# [Problem description]
Check the listing below line by line and report how many lines hold "text", with no other words.

# [Records for this exercise]
####################
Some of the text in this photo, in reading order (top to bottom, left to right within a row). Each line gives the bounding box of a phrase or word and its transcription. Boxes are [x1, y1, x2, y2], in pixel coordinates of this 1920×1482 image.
####################
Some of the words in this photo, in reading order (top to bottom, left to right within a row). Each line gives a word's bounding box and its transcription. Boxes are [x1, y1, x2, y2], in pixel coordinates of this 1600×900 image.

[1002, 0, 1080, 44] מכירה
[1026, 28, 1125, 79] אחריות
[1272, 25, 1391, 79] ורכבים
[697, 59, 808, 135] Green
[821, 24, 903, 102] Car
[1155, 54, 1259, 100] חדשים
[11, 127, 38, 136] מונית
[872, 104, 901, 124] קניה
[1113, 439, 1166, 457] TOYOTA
####################
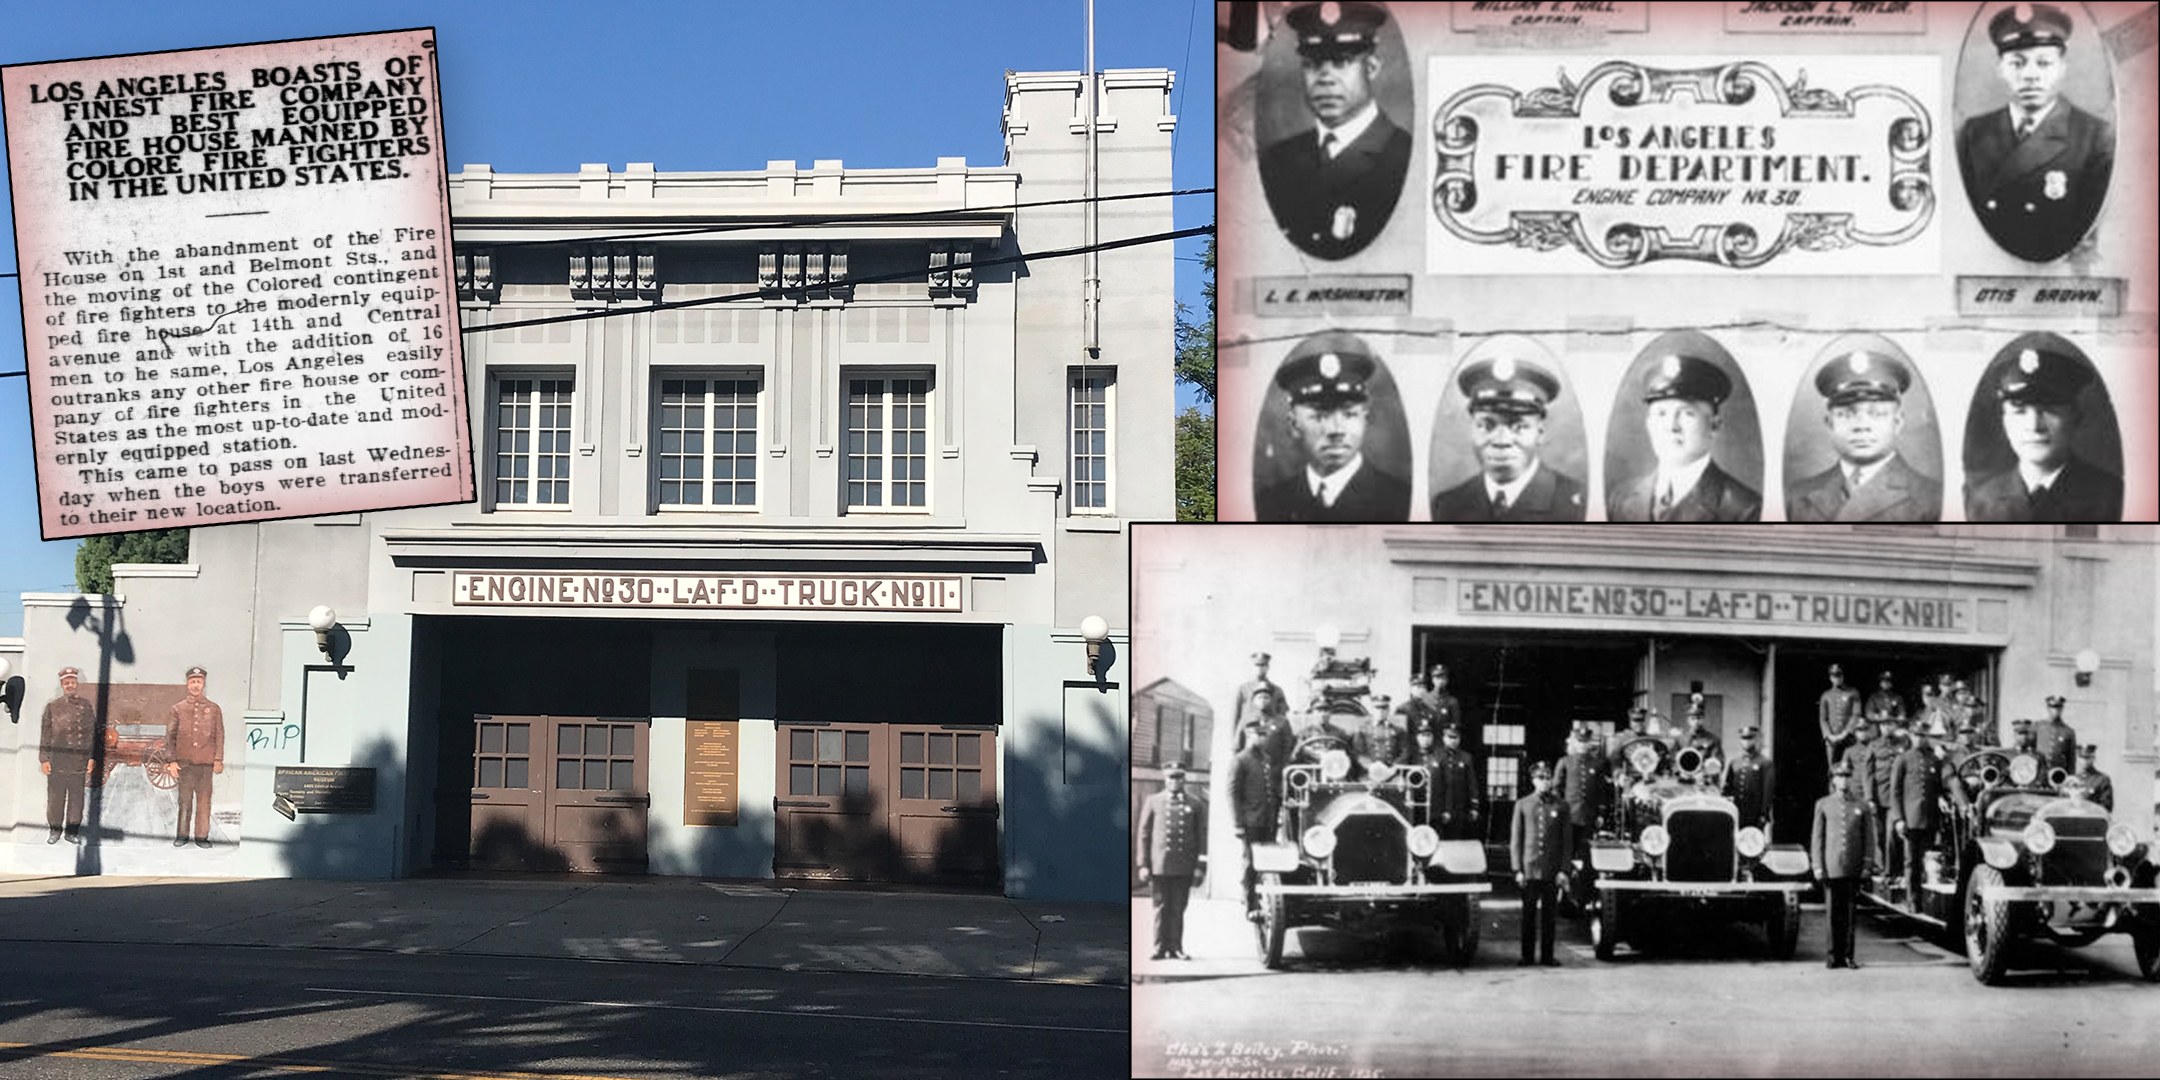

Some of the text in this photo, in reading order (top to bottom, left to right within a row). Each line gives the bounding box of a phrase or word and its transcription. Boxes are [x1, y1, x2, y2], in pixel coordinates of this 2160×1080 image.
####################
# [Output of the task]
2